Riyadh explosions draw US attention to Saudi Arabia

Developing Just Leadership

Crescent International

Rabi' al-Awwal 14, 1424 2003-05-16

Occupied Arab World

by Crescent International (Occupied Arab World, Crescent International Vol. 32, No. 6, Rabi' al-Awwal, 1424)

The Saudi Arabian capital, Riyadh, was rocked by four massive explosions late on May 12, as Crescent was going to press. They were apparently aimed at Western targets in the city, including residential compounds where Western expatriates live, and the headquarters of an American-owned company, the Saudi Maintenance Company.

Early reports suggest that the largest of the blasts was caused by a martyrdom operation in which a car loaded with explosives was driven into a compound surrounded by a 14-foot-high security wall. The explosion was reportedly heard and seen from outside the city. In another attack, security forces were reported to be engaged in a gun-fight with attackers.

At this stage little is known about details or circumstances of the attacks. In a sense there is innocence in ignorance, for while information is scarce, so too is the propaganda and spin which are bound to be placed on the events, depending on how the US decides to respond to the attacks.

The timing is interesting. It comes less than two weeks after the US announced, after the conclusion of its war in Iraq, that it is to move all US troops and aircraft out of Saudi Arabia and redeploy them in Qatar. It also comes only days after Saudi security forces claimed to have broken up an al-Qai’da cell in Riyadh.

The attacks also come the night before US secretary of state Colin Powell was due to arrive in Riyadh on the latest leg of his Middle East tour. The State Department later said that he would continue on schedule.

During the Iraq war, there were repeated alerts for possible attacks on Western targets in Saudi Arabia and other Arab countries in response to appeals from both Usama bin Ladin and Saddam Hussain for Muslims to respond to the US’s attack on Iraq. The fact that no major attack materialised — although there were little-publicised attacks on individual US servicemen in Saudi Arabia, Kuwait and other Arab countries — was widely taken as a sign of success in the US’s ‘war on terrorism’.

This impression was emphasised on May 6, when Saudi security sources said that they had discovered and broken up a major al-Qai’da cell in Riyadh after a shoot-out in the centre of the city. Saudi interior minister Prince Nayef said that the shoot-out took place after security forces stormed the "terrorists’ lair."

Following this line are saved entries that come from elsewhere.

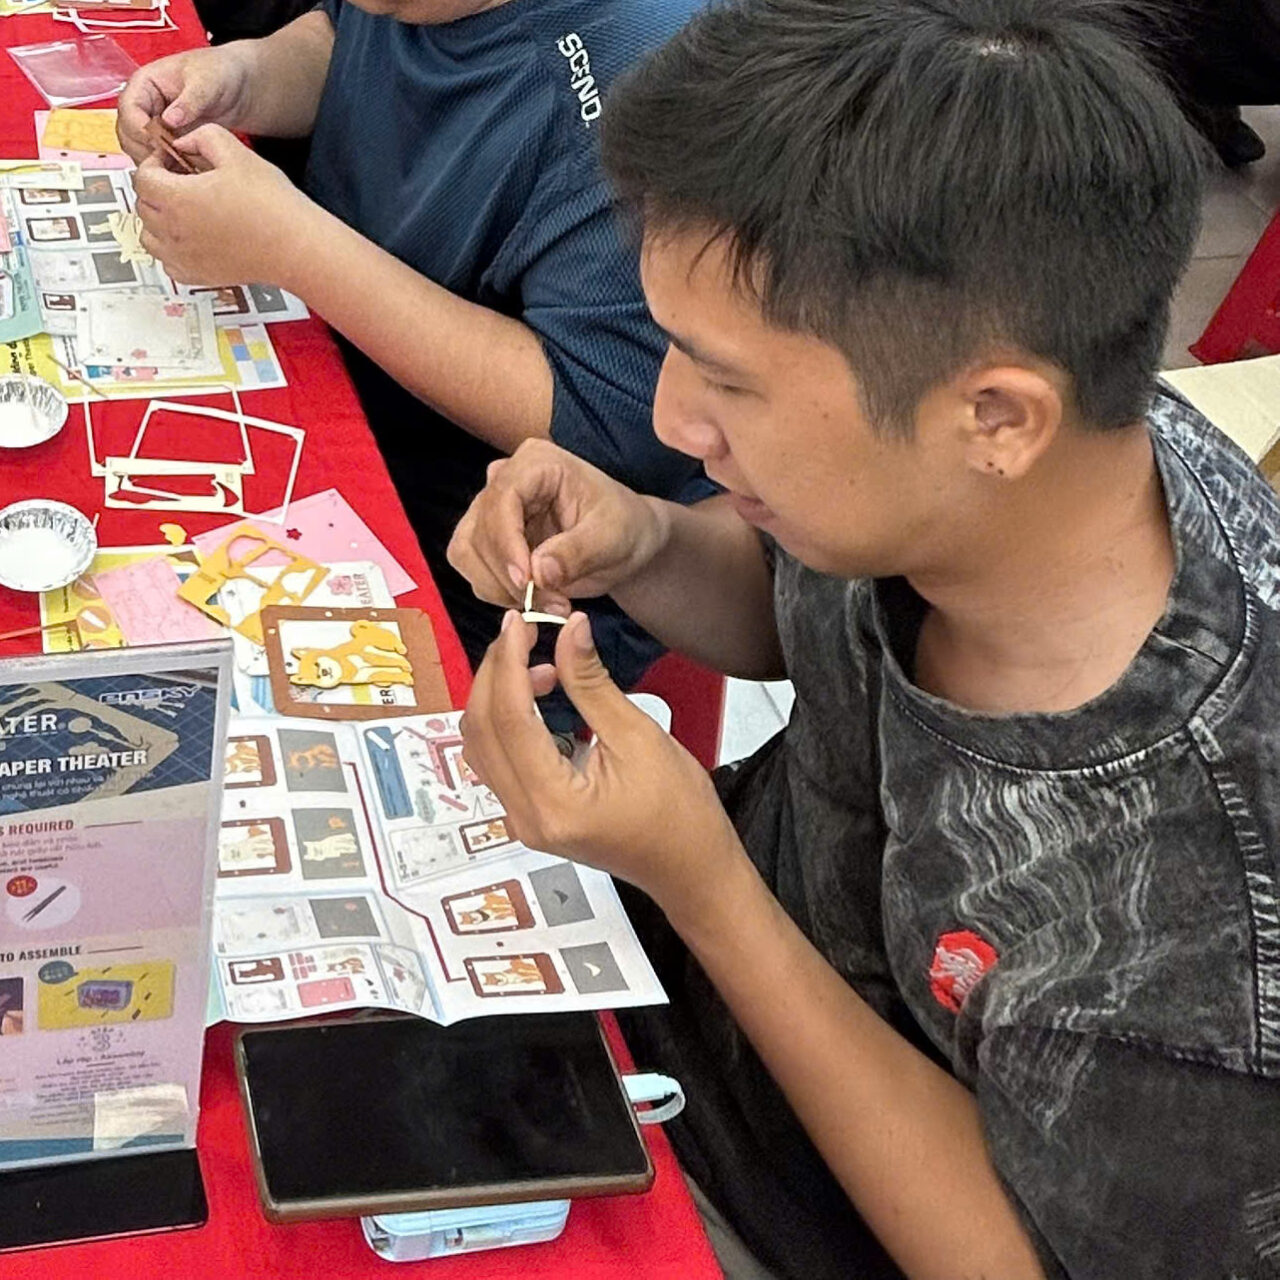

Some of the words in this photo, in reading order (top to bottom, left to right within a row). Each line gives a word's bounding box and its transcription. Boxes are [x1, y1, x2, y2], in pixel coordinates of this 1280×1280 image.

[353, 573, 371, 606] EATER
[57, 749, 148, 771] THEATER
[8, 820, 75, 837] REQUIRED
[0, 951, 16, 963] TO
[18, 945, 83, 962] ASSEMBLE
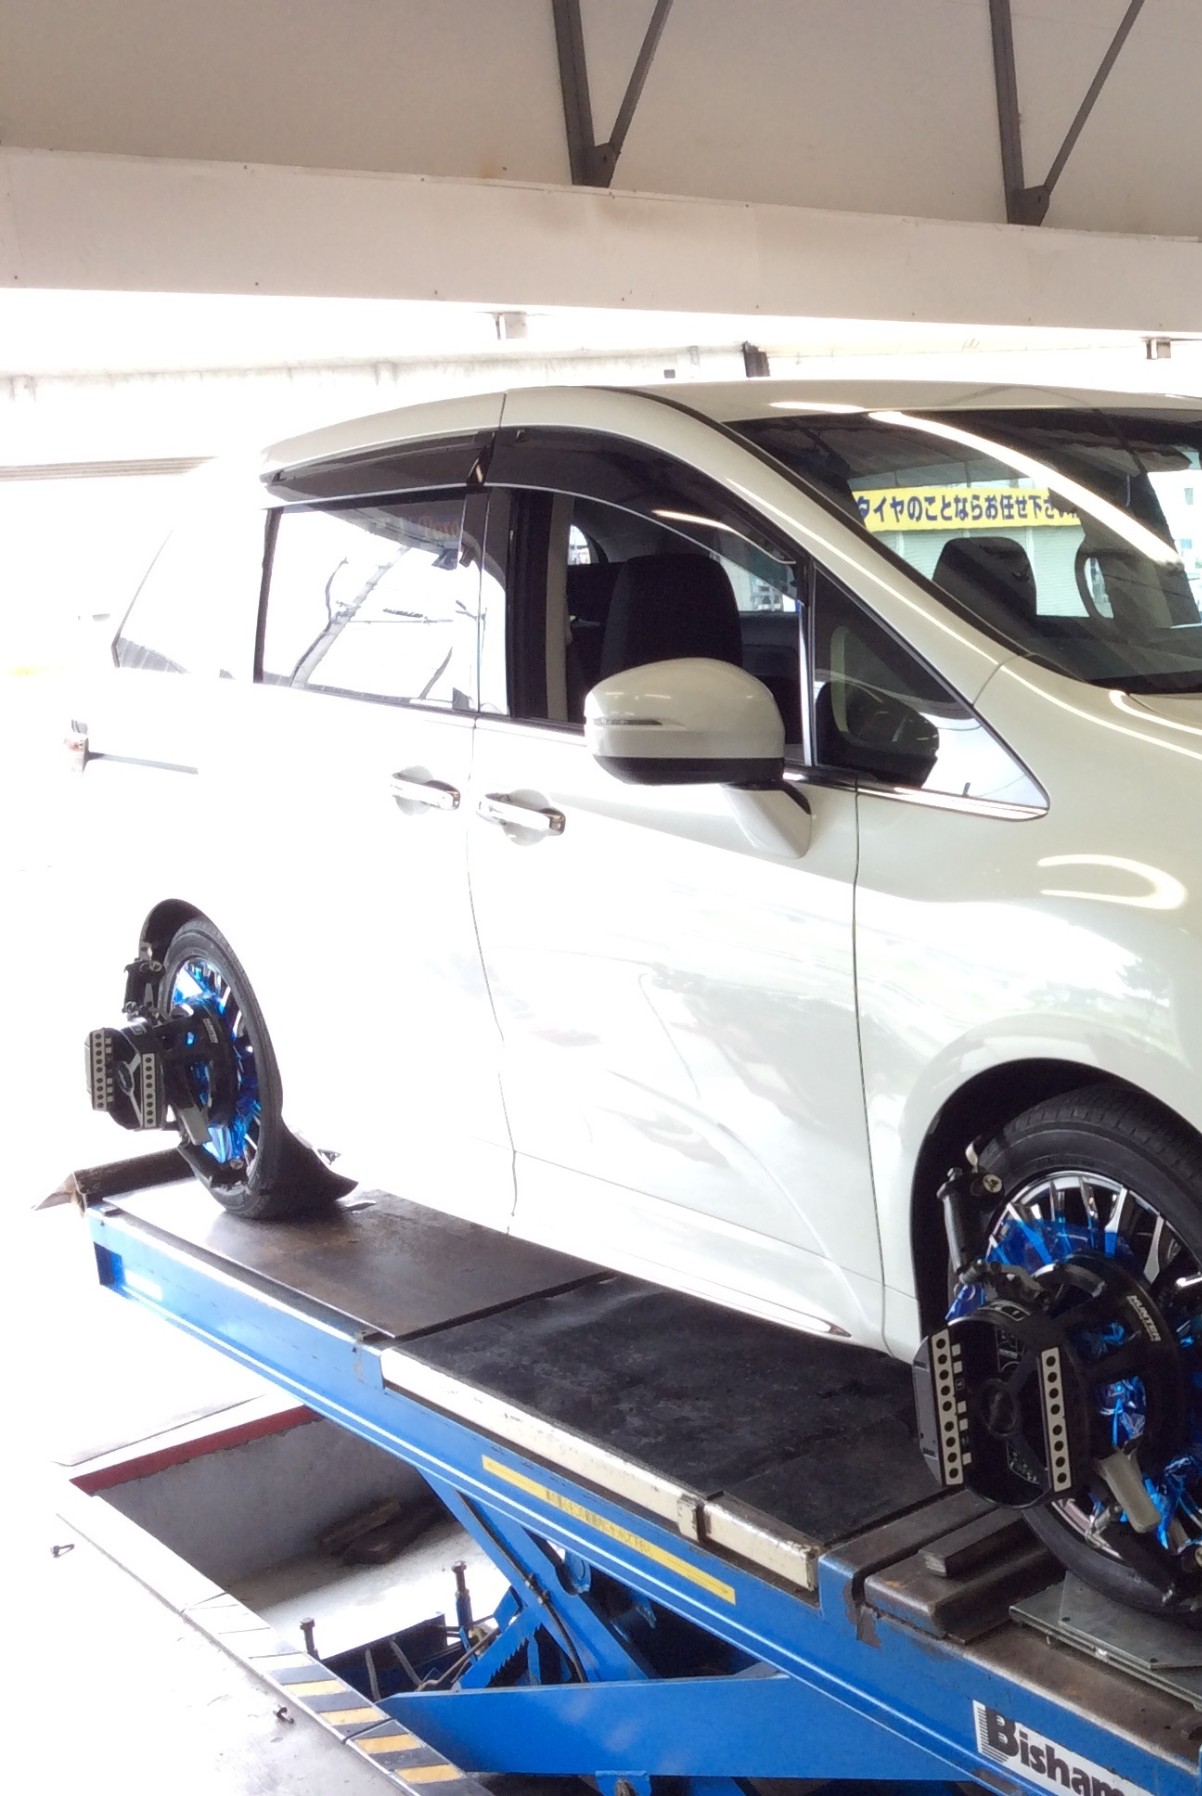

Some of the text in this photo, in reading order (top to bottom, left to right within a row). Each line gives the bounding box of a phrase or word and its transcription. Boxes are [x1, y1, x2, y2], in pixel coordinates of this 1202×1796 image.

Nineteen suspected militants escaped from the scene and were later believed to have gone into hiding in the city. Police also claimed to have discovered a "large" cache of weapons at the scene, including hundreds of kilograms of explosives, the interior ministry said in a statement on state television.

The suspects were identified as 17 Saudi citizens, a Yemeni and an Iraqi, bearing Canadian and Kuwaiti passports. Prince Nayef said that all were known members of an al-Qa’ida cell who had undergone military training in Afghanistan.

Clearly this was not the only cell of anti-Saudi militants in the city; the attacks on May 12, clearly well planned and co-ordinated, suggest that there are substantial armed opposition groups in the country.

Powell’s visit to Riyadh comes after stops in Damascus, Cairo, Tel Aviv and Amman, in which he has reportedly rallied support for the US’s plans in Iraq and for the ‘road map’ for peace in Palestine, published on April 29. At the same time, there was bound to be, even before this latest attack, hard talking about Saudi Arabia’s political future and the steps it is taking to counter anti-American opinion and support for militancy in the Arabian Peninsula.